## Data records
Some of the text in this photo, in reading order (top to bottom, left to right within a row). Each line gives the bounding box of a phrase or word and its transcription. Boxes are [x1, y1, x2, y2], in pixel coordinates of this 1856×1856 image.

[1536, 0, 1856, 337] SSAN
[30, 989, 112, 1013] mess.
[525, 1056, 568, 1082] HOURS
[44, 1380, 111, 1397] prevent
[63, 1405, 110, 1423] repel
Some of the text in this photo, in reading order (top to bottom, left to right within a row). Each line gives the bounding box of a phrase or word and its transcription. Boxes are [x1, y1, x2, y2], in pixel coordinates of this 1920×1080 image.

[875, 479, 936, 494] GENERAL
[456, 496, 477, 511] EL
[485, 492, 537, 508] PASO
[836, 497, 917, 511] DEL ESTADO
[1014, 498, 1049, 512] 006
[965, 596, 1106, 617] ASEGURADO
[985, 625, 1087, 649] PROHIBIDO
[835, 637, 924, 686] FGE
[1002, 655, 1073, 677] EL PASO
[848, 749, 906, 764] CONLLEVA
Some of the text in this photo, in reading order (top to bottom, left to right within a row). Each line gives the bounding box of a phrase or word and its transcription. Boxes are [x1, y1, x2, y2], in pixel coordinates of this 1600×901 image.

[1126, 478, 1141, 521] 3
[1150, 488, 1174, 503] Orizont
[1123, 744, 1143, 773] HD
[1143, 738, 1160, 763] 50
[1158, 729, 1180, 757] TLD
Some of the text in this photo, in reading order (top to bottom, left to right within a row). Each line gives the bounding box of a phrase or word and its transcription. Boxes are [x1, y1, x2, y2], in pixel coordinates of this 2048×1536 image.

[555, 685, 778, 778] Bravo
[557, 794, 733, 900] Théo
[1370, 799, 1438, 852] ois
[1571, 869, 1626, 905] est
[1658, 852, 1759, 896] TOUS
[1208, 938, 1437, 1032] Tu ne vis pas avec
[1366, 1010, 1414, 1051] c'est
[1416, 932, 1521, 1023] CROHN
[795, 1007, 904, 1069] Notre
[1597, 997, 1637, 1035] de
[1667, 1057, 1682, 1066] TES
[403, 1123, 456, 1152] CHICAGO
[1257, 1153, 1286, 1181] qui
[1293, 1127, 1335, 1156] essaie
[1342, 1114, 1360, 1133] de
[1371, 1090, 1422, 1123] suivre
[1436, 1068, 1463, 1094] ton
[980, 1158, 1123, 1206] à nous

## Exercise goal
Your job is to copy all the records exactly.

## Task solution
Some of the text in this photo, in reading order (top to bottom, left to right within a row). Each line gives the bounding box of a phrase or word and its transcription. Boxes are [x1, y1, x2, y2], in pixel coordinates of this 1856×1856 image.

[1536, 0, 1856, 337] SSAN
[30, 989, 112, 1013] mess.
[525, 1056, 568, 1082] HOURS
[44, 1380, 111, 1397] prevent
[63, 1405, 110, 1423] repel
Some of the text in this photo, in reading order (top to bottom, left to right within a row). Each line gives the bounding box of a phrase or word and its transcription. Boxes are [x1, y1, x2, y2], in pixel coordinates of this 1920×1080 image.

[875, 479, 936, 494] GENERAL
[456, 496, 477, 511] EL
[485, 492, 537, 508] PASO
[836, 497, 917, 511] DEL ESTADO
[1014, 498, 1049, 512] 006
[965, 596, 1106, 617] ASEGURADO
[985, 625, 1087, 649] PROHIBIDO
[835, 637, 924, 686] FGE
[1002, 655, 1073, 677] EL PASO
[848, 749, 906, 764] CONLLEVA
Some of the text in this photo, in reading order (top to bottom, left to right within a row). Each line gives the bounding box of a phrase or word and its transcription. Boxes are [x1, y1, x2, y2], in pixel coordinates of this 1600×901 image.

[1126, 478, 1141, 521] 3
[1150, 488, 1174, 503] Orizont
[1123, 744, 1143, 773] HD
[1143, 738, 1160, 763] 50
[1158, 729, 1180, 757] TLD
Some of the text in this photo, in reading order (top to bottom, left to right within a row). Each line gives the bounding box of a phrase or word and its transcription. Boxes are [x1, y1, x2, y2], in pixel coordinates of this 2048×1536 image.

[555, 685, 778, 778] Bravo
[557, 794, 733, 900] Théo
[1370, 799, 1438, 852] ois
[1571, 869, 1626, 905] est
[1658, 852, 1759, 896] TOUS
[1208, 938, 1437, 1032] Tu ne vis pas avec
[1366, 1010, 1414, 1051] c'est
[1416, 932, 1521, 1023] CROHN
[795, 1007, 904, 1069] Notre
[1597, 997, 1637, 1035] de
[1667, 1057, 1682, 1066] TES
[403, 1123, 456, 1152] CHICAGO
[1257, 1153, 1286, 1181] qui
[1293, 1127, 1335, 1156] essaie
[1342, 1114, 1360, 1133] de
[1371, 1090, 1422, 1123] suivre
[1436, 1068, 1463, 1094] ton
[980, 1158, 1123, 1206] à nous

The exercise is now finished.